Eden's diaries, kept from 1773 to 1805, contain various references to the Rev. Boucher, mentioning, for example, a stay in Epsom during 1795 when they visited Horton Lodge (the residence of Eden's mentally impaired aunt, Hon. Louisa Calvert Browning, relict of John Browning decd.) [LINK Frederick Calvert, 6th, and last, Baron Baltimore.
Sir Frederick fathered 9 children of whom two died in infancy. Ironically, the eldest, (also called Frederick who became the third baronet) was killed, aged only 16, on 24 December 1814, in the Anglo-American war of 1812. He had been attached, as an Ensign, to 85th (Bucks Volunteer) Light Infantry, but, at the Battle of New Orleans, was struck and "horribly mutilated. He lived long enough to make his will and then died in a delirium of agony." Of the surviving sons, one succeeded as third baronet, and others became, respectively, Bishop of Moray & Ross and Primus of the Scottish Episcopal Church, a Lieutenant General, and a Vice -Admiral (Commissioner of the Admiralty/ 2nd Sea Lord).

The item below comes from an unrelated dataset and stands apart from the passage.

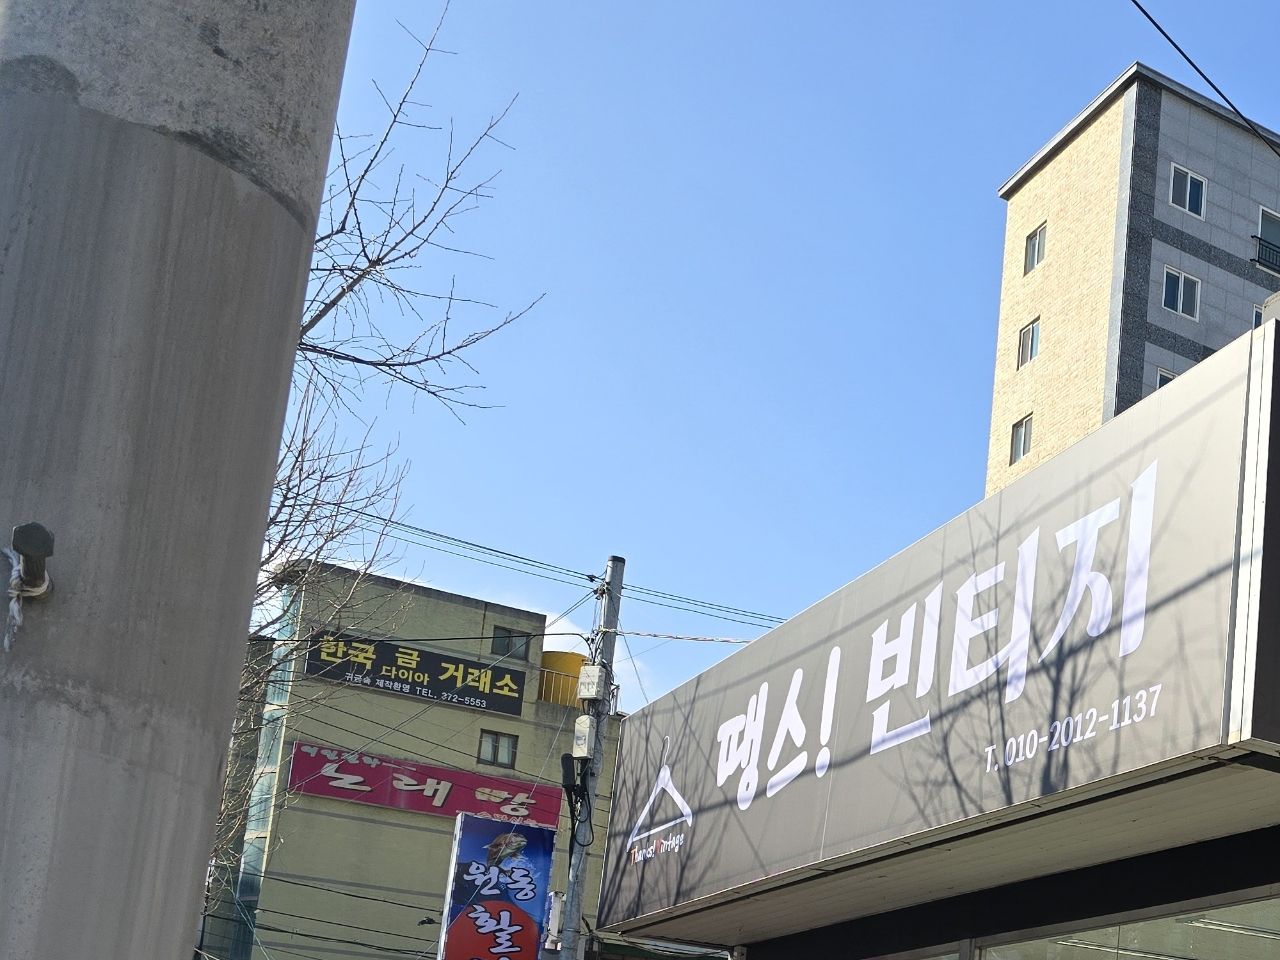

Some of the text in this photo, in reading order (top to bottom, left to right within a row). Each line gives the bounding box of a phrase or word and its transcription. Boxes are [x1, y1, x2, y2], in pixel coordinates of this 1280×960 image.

By 1802, FME was seeking a charter for a new insurance provider but he failed and so The Globe Insurance Company was incorporated in 1803. (Explaining why Sir Frederick went on to publish, in November 1806, a pamphlet, On the policy and expediency of granting insurance charters.) The company's office was set up, with the family in residence, on Pall Mall. There, on 3 July 1808, Lady Eden was delivered of her seventh son who was named Charles. A week later, another of her boys came home from boarding school suffering from scarlet fever and he passed on the infection to his Mother resulting, sadly, in her demise on 14 July. Sir Frederick Morton Eden survived her only until 14 November 1809, when he collapsed and died in the Globe's offices - at the same age, 43, as had his father and grandfather. [Some sources suggest, mistakenly, that he passed away in the Carlton Club but this was not established on the site of FME's house until 1835 in premises later destroyed by an air raid during the Second World War.] Lady Ann and Sir Frederick were laid to rest together in Ealing parish church.
As a footnote to history, Robert Anthony Eden, 1st Earl of Avon, was Sir Frederick Morton Eden's great-grandson and he even contemplated incorporating "Maryland" into his title when ennobled. The late Prime Minister is said to have been so greatly influenced by his forebear's writings that he kept a copy of The State of the Poor available for reference throughout his lifetime.